[Collected data entries]
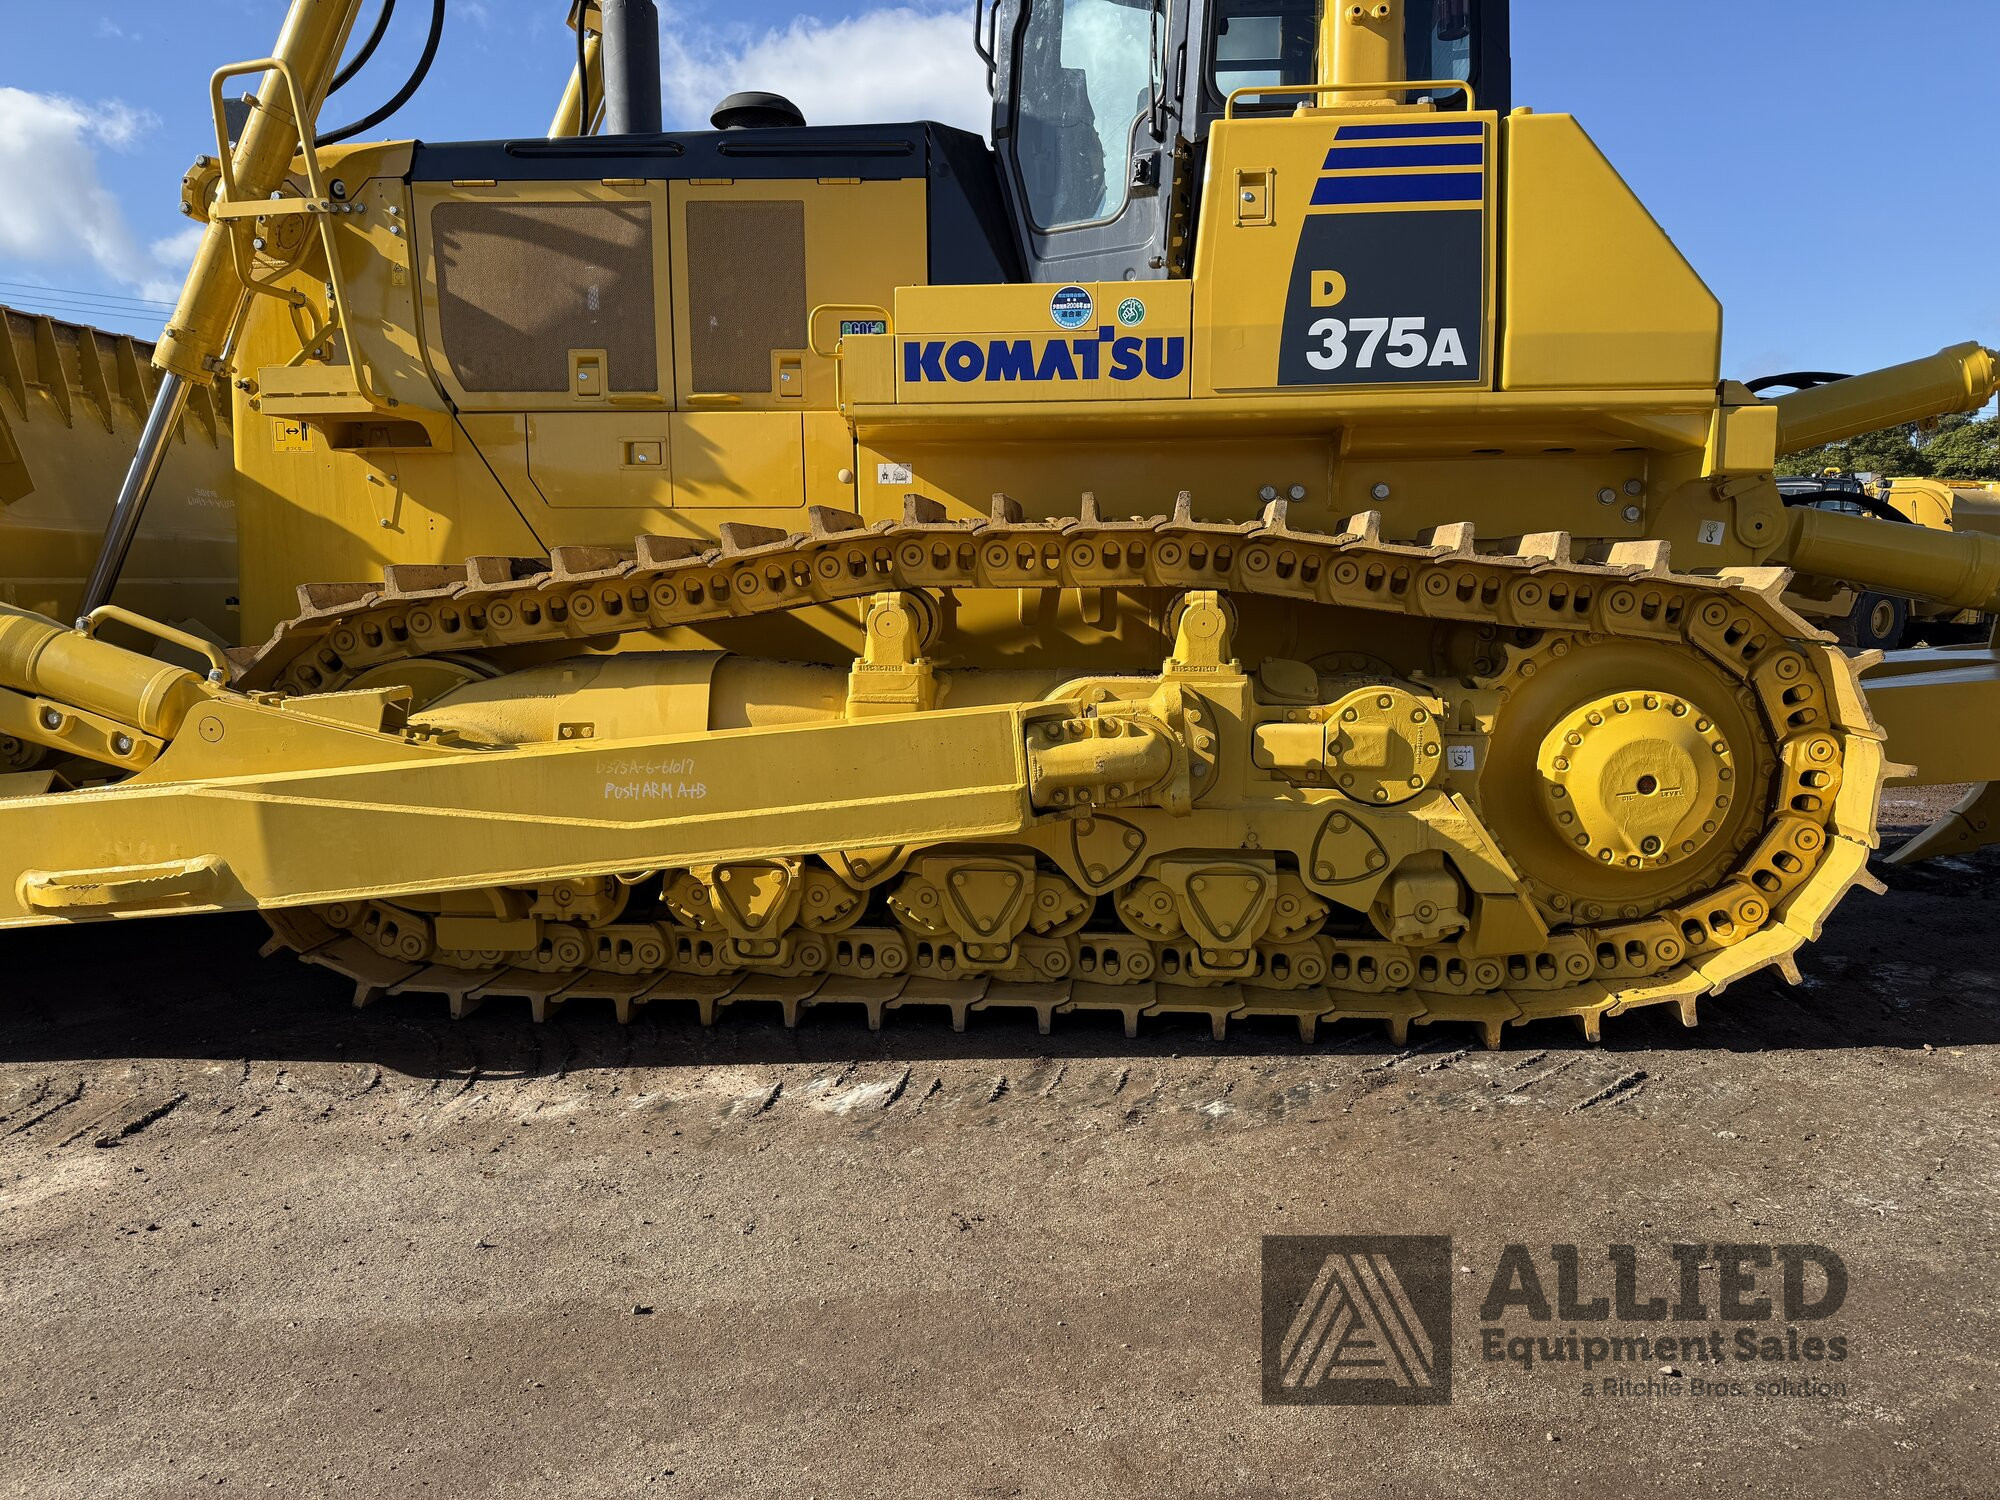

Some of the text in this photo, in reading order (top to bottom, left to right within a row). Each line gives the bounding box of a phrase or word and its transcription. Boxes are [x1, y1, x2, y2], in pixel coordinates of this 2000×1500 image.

[1311, 270, 1346, 307] D
[903, 326, 1185, 382] KOMATSU
[1306, 316, 1468, 371] 375A
[641, 781, 673, 799] ARM

=== Exercise goal ===
A verbatim copy of the data, pictures removed, is the expected result.

=== Task solution ===
Some of the text in this photo, in reading order (top to bottom, left to right within a row). Each line gives the bounding box of a phrase or word and its transcription. Boxes are [x1, y1, x2, y2], in pixel coordinates of this 2000×1500 image.

[1311, 270, 1346, 307] D
[903, 326, 1185, 382] KOMATSU
[1306, 316, 1468, 371] 375A
[641, 781, 673, 799] ARM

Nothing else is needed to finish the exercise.